A Little Piece of the Okavango Restored

There have been some interesting attempts to manage the Okavango Delta in the past, to ‘improve’ the provision of the ecosystem’s goods and services, but it is doubtful whether many of these were successful. The system is very dynamic and fluctuates hugely within natural bounds, moving to its own rhythm.

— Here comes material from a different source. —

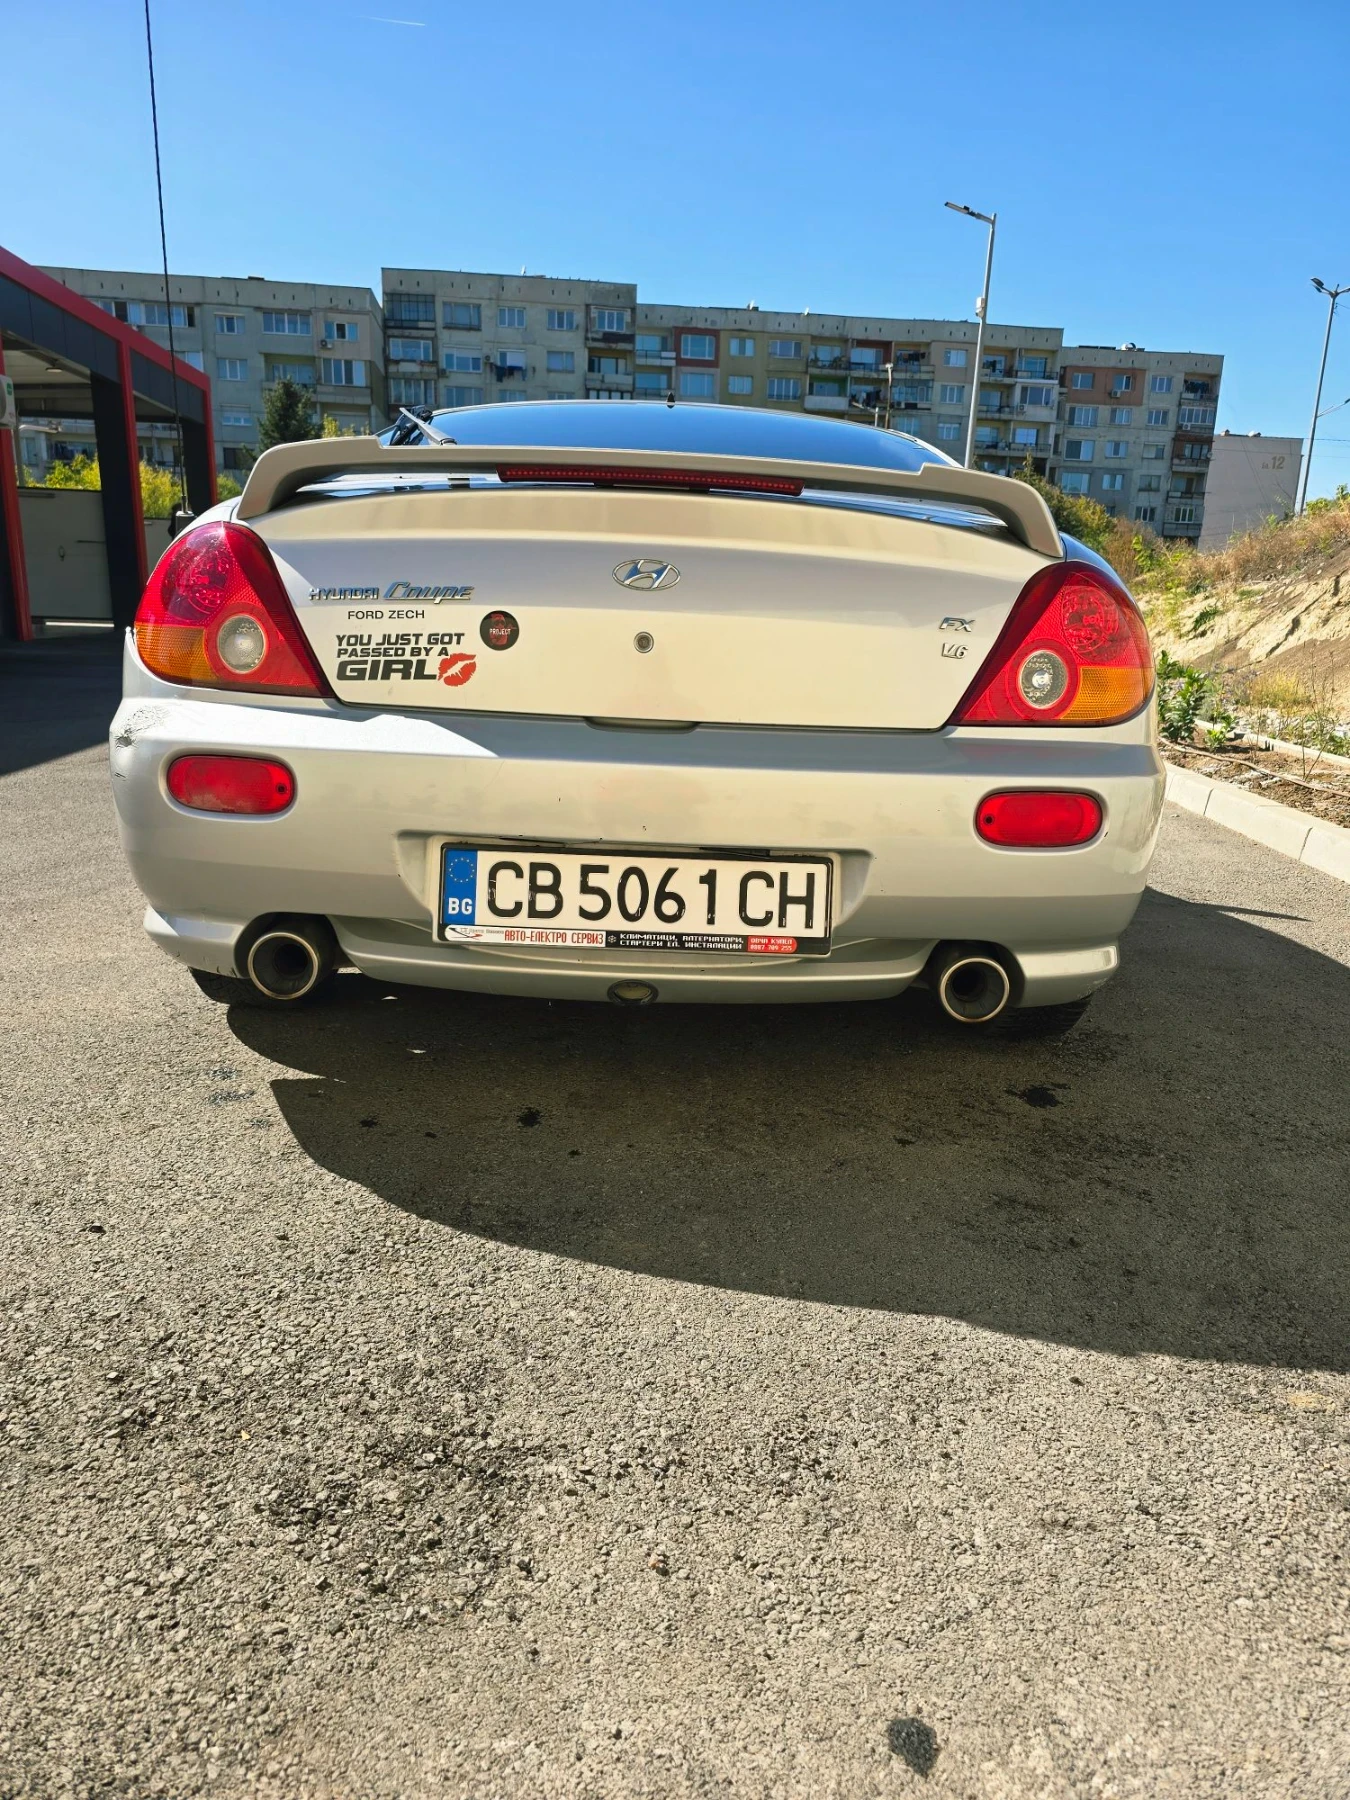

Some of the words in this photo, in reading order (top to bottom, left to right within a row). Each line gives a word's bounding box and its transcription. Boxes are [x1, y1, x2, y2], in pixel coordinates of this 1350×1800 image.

During the 1970s and 80s, the flood levels in the Okavango were higher than average, but by the end of this period they declined and the outflow down the Thamalakane and Boteti Rivers no longer reached Rakops and the Mopipi reservoir at the distal end. Since large quantities of water were needed at the Orapa diamond mine, the Nhabe Channel was blocked, thereby diverting water down the Boteti River towards the Mopipi reservoir from whence it was pumped to Orapa. Of course, this deprived people living along the Nhabe from their water supply, but by the mid-nineties this did not make any difference since the Okavango waters ended in Maun, some 25 kilometres short.

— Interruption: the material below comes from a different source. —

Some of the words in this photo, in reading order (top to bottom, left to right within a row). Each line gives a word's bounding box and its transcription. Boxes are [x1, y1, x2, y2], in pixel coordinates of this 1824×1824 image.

The position of the bund at the start of the Nhabe channel

Now with the return of higher floods imminent, Debswana has removed the bund at the mouth of the Nhabe Channel. This is in line with the Okavango Delta Management Plan, and is a highly commendable action aimed at restoring the Nhabe Channel. This watercourse flows westwards to Lake Ngami, some 80 kilometres distant. If it flows this year, it will recreate valuable waterfowl habitat, as well as improving the quality of life for people living along its length, illustrating once again that what is good for birds is generally good for people too. Despite the Nhabe being blocked, Lake Ngami has actually filled to varying extent over the past five years, being fed by the Kunyere Channel, and this is likely to continue, with any water reaching the Lake from the Nhabe being an added bonus.

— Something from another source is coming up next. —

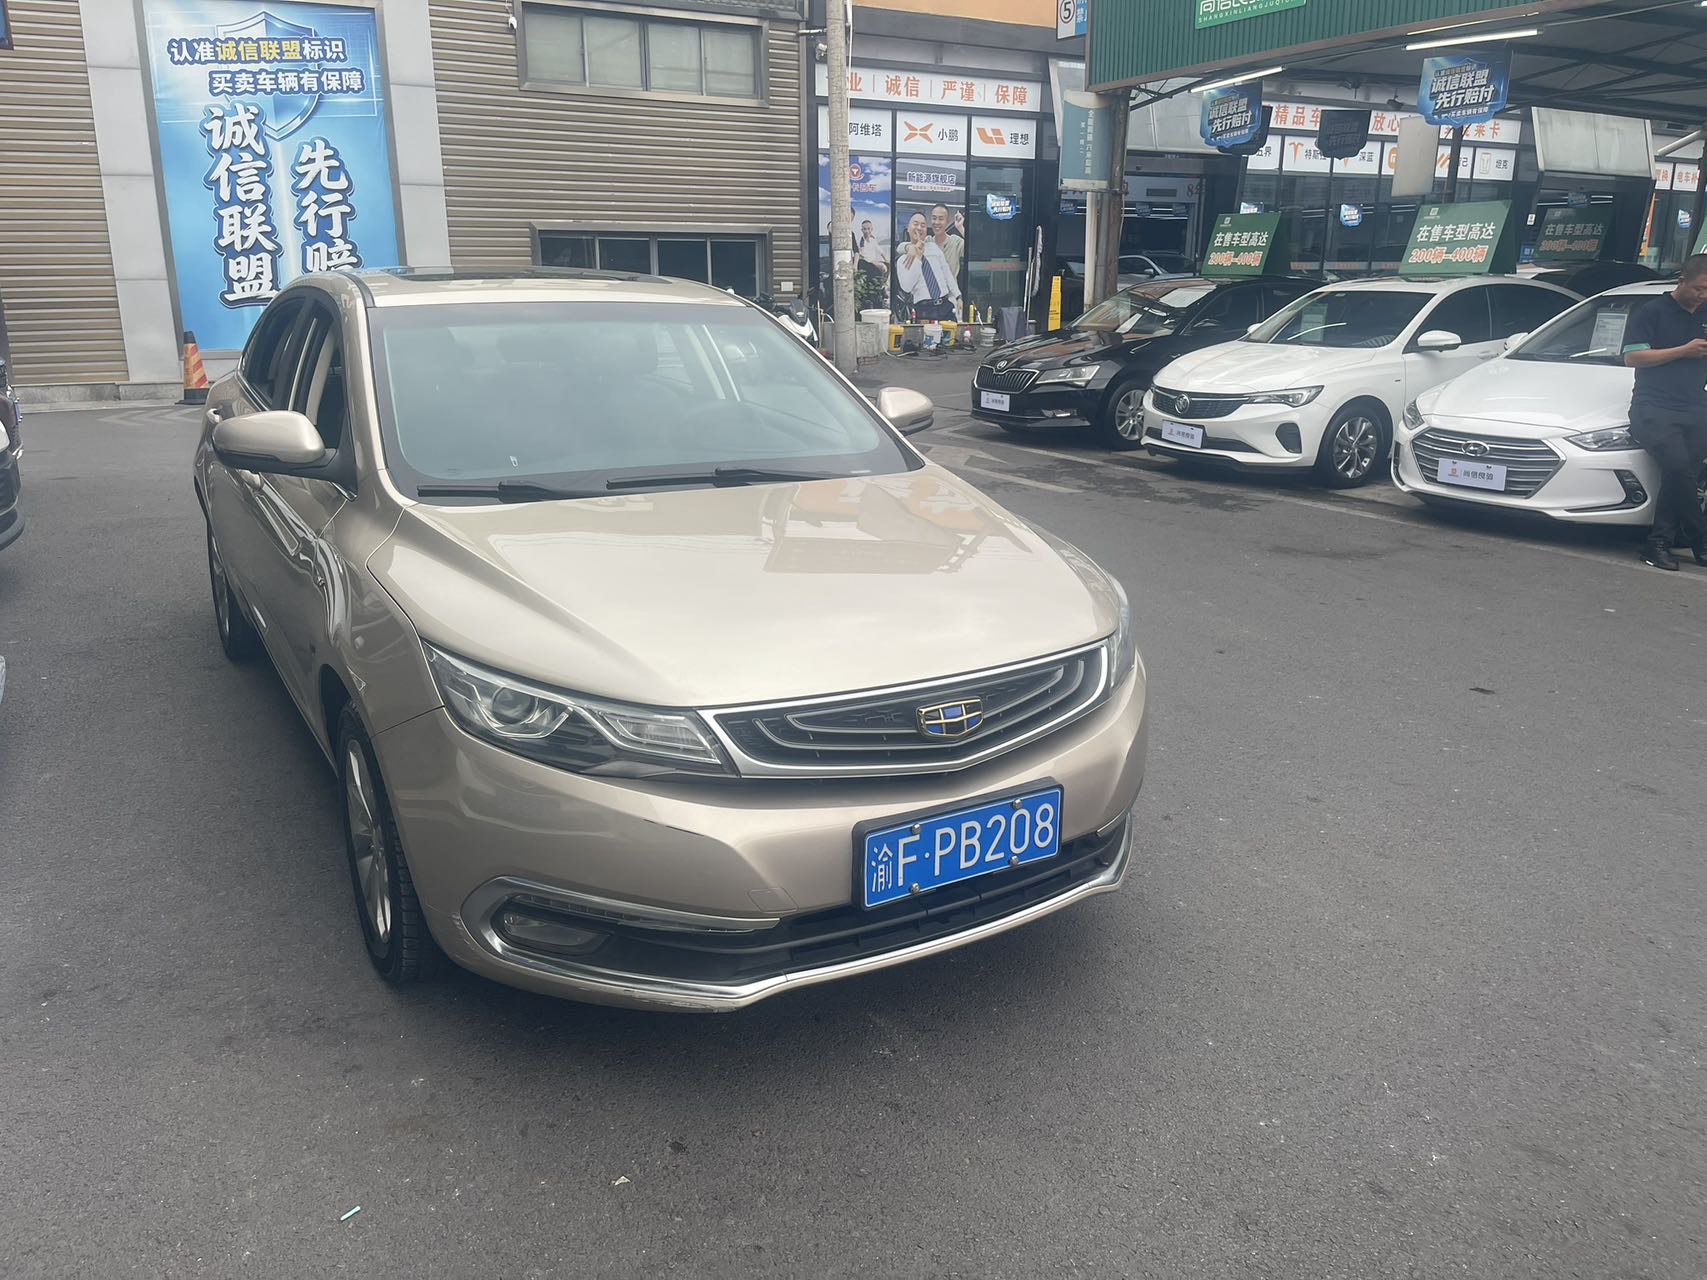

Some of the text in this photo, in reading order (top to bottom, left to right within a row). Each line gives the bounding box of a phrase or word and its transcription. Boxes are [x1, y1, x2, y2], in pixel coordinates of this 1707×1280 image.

Work in progress - the pipes have been removed and the bund is being levelled (Photo: P Hancock)

The Nhabe Channel is likely to support significant numbers of ducks and geese once flows are restored, particularly Red-billed and Hottentot teal, White-faced Duck, Comb Ducks and Southern Pochard. For some reason, channels that have been dormant for a number of years (whether due to natural or man-made changes) attract vast numbers of waterfowl when they flow again, possibly due to a build-up of nutrients in the form of dung from the herbivores that graze along the channels when they are dry. It is expected that African Fish-Eagles and other piscivores such as Reed Cormorant and African Darter will soon recolonise the area.

It is likely that the Nhabe Channel will once again support large numbers of waterfowl (Photos: W Tarboton)
Once the Nhabe Channel becomes more permanent, aquatic vegetation in the form of reeds, sedges and waterlilies will become re-established, and provide suitable habitat for African and Lesser jacanas, African Pygmy-Geese and Whiskered Terns. The riparian woodland that has degenerated over the past two decades will also recover and boost numbers of frugivores such as Meyer’s Parrot, Burchell’s and Meves’s starling, Black-collared Barbet and Grey Go-away-bird.